→ **YOUR TASK**:
For the entries that appear below, write out the exact text and omit the pictures.

→ **DATA SECTION**:
════════════════

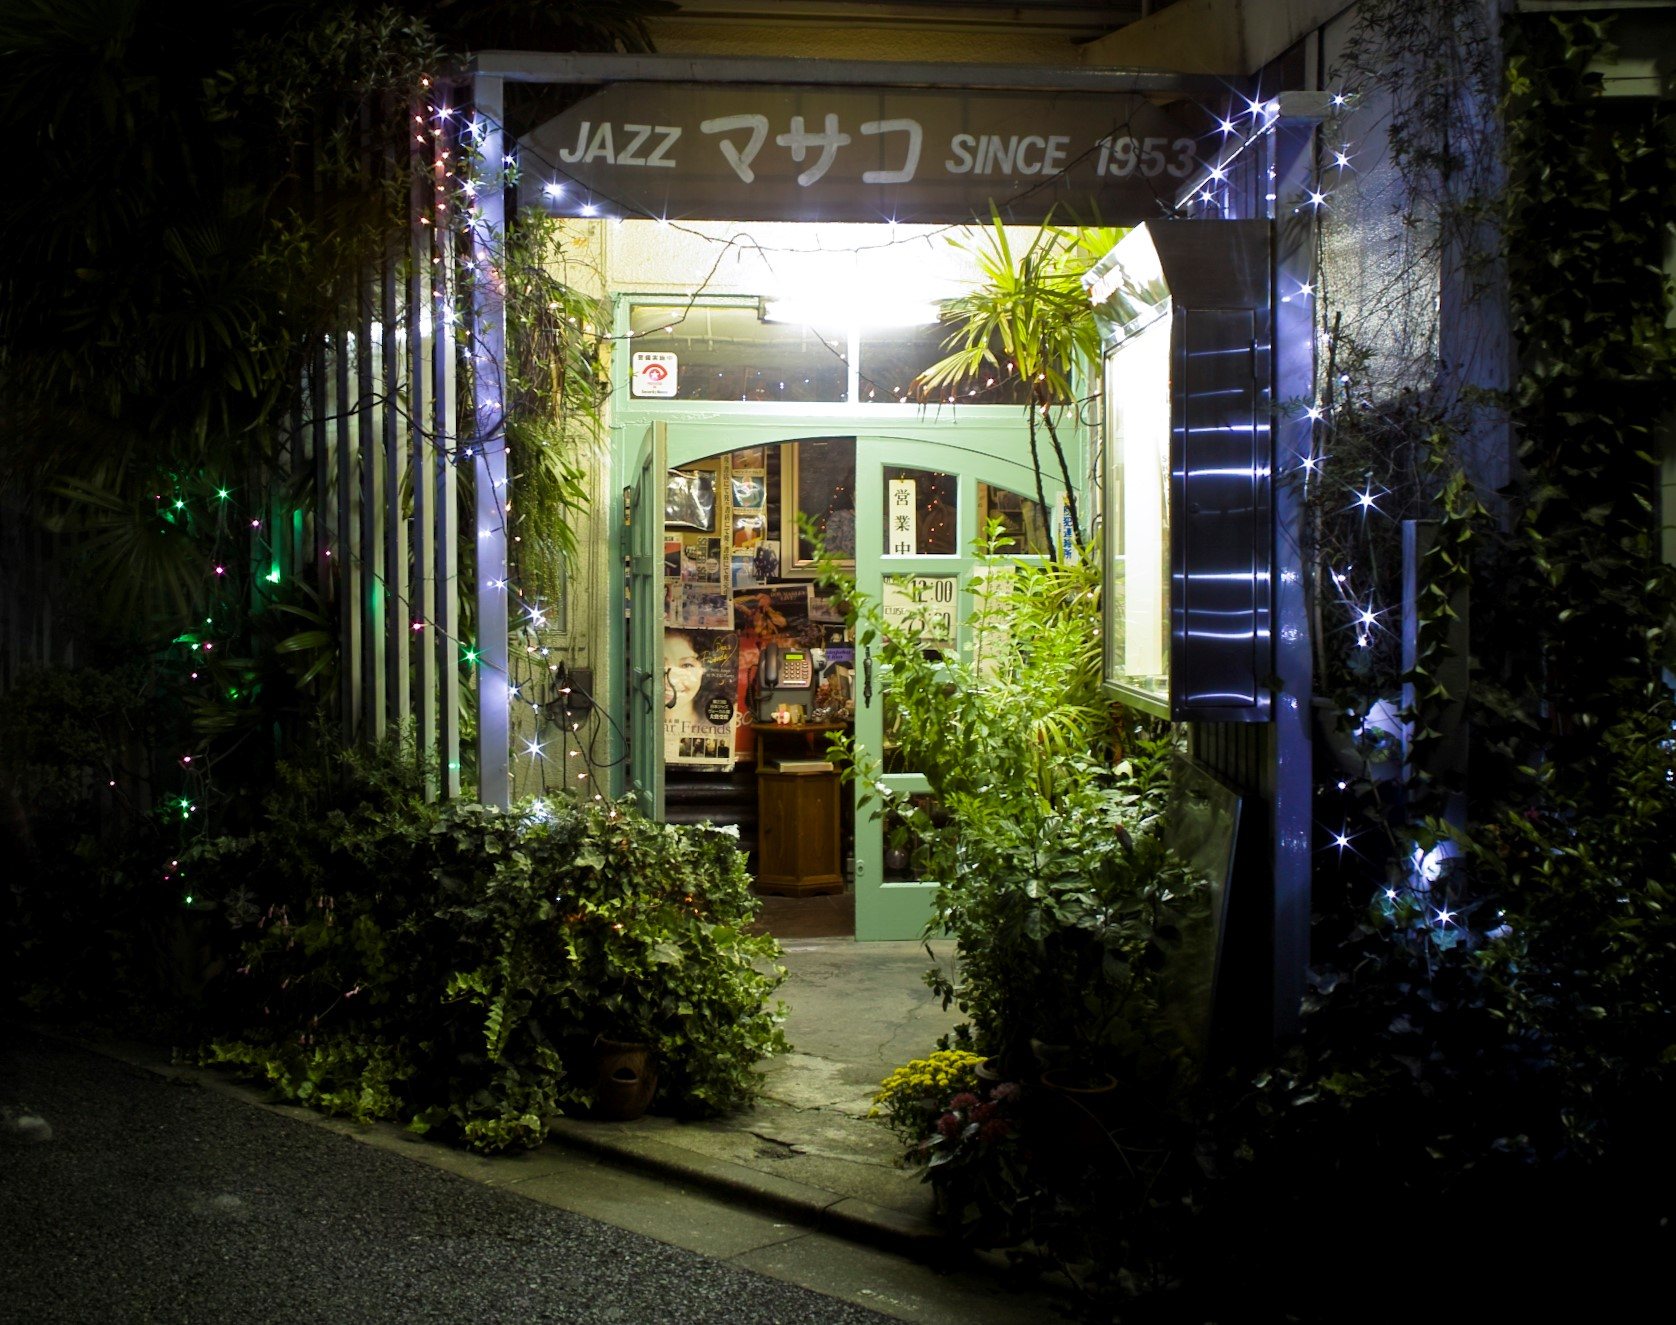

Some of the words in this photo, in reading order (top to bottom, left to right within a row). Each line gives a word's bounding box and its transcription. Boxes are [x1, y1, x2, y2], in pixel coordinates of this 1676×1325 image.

[559, 121, 683, 168] JAZZ
[699, 112, 923, 187] マサコ
[945, 133, 1071, 176] SINCE
[1096, 135, 1197, 178] 1953
[893, 488, 911, 555] 営業中
[911, 580, 953, 603] 12:00
[682, 721, 731, 735] Friends
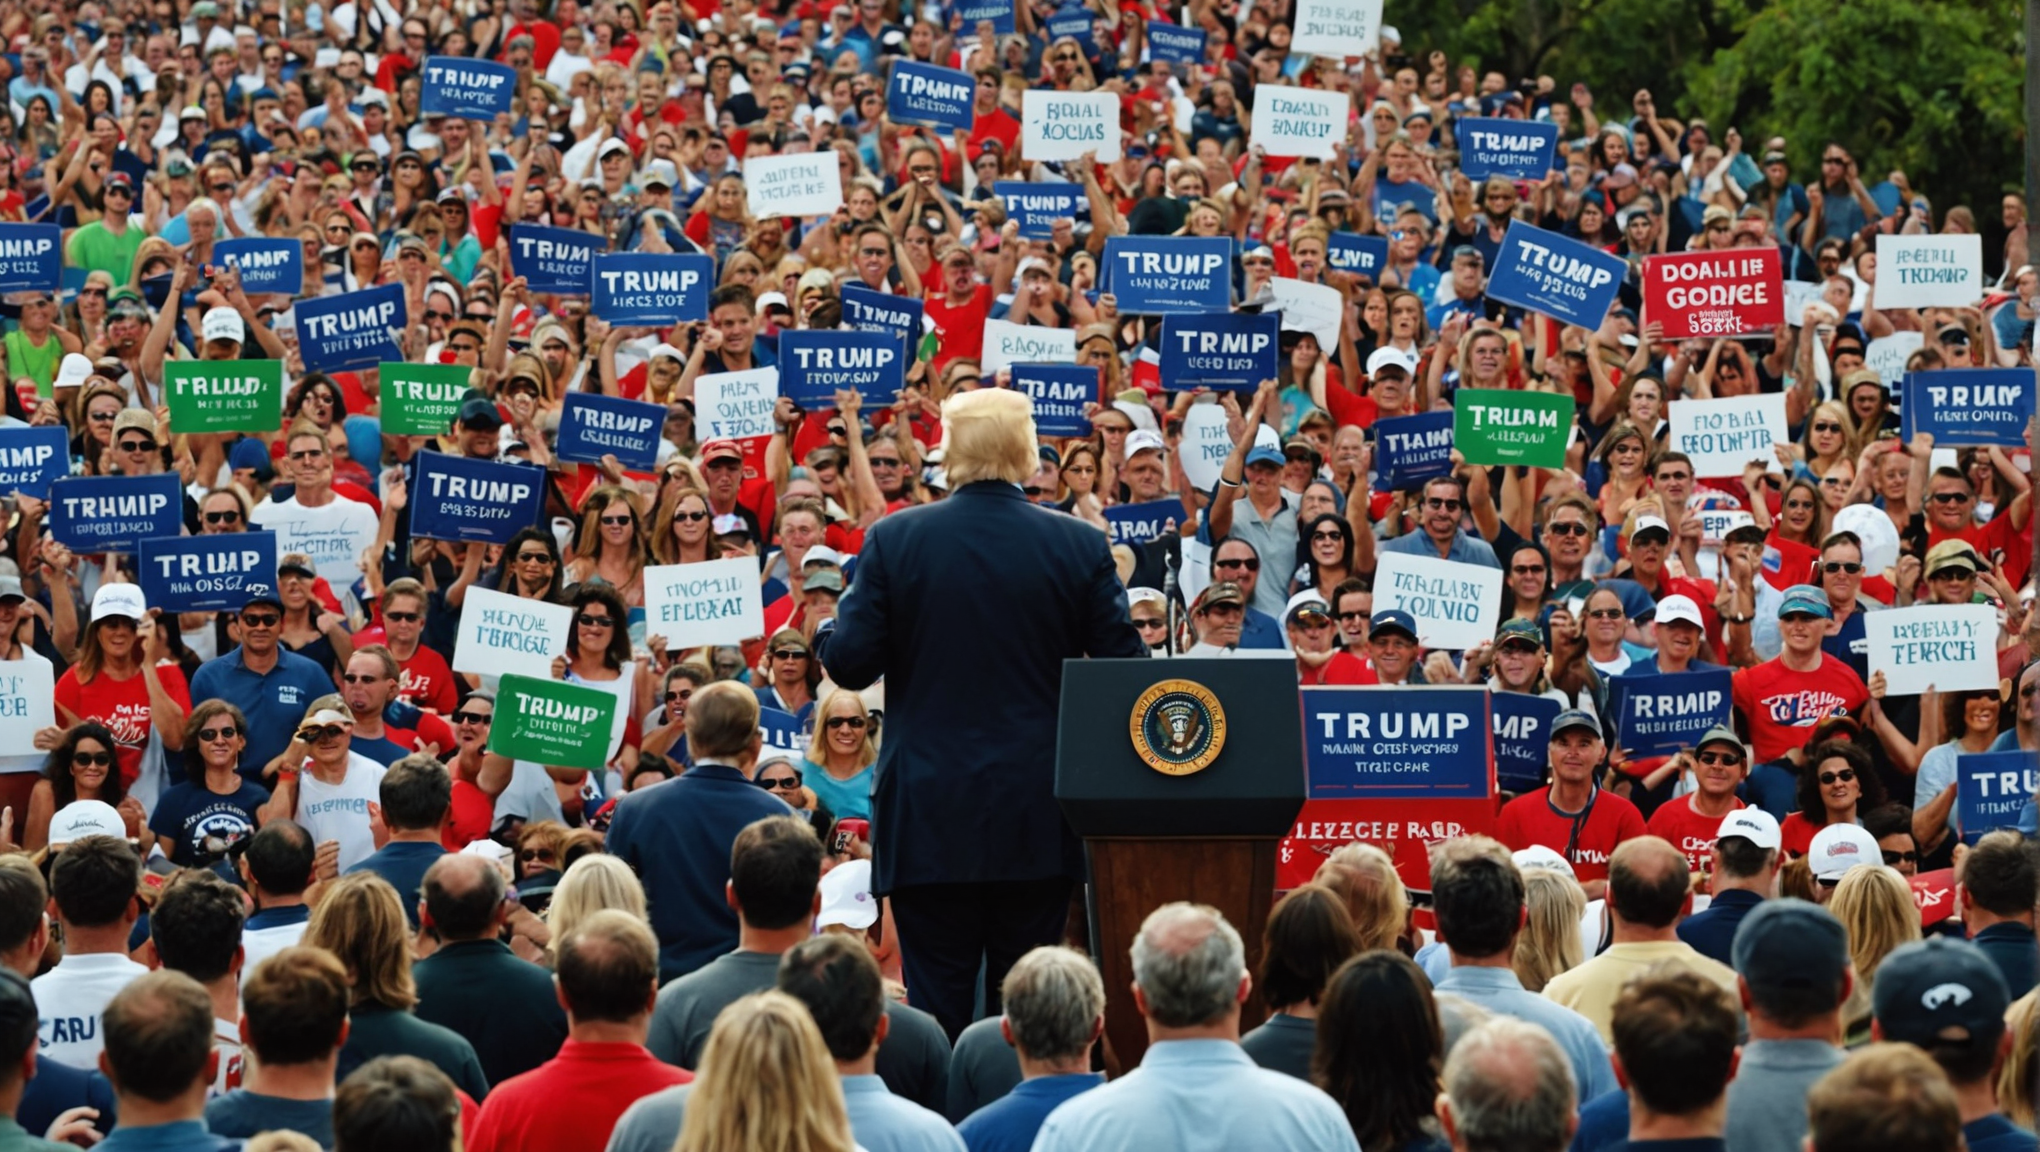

════════════════

→ **WORKED SOLUTION**:
Some of the words in this photo, in reading order (top to bottom, left to right within a row). Each line gives a word's bounding box and its transcription. Boxes are [x1, y1, x2, y2], in pixel coordinates of this 1676×1325 image.

[559, 121, 683, 168] JAZZ
[699, 112, 923, 187] マサコ
[945, 133, 1071, 176] SINCE
[1096, 135, 1197, 178] 1953
[893, 488, 911, 555] 営業中
[911, 580, 953, 603] 12:00
[682, 721, 731, 735] Friends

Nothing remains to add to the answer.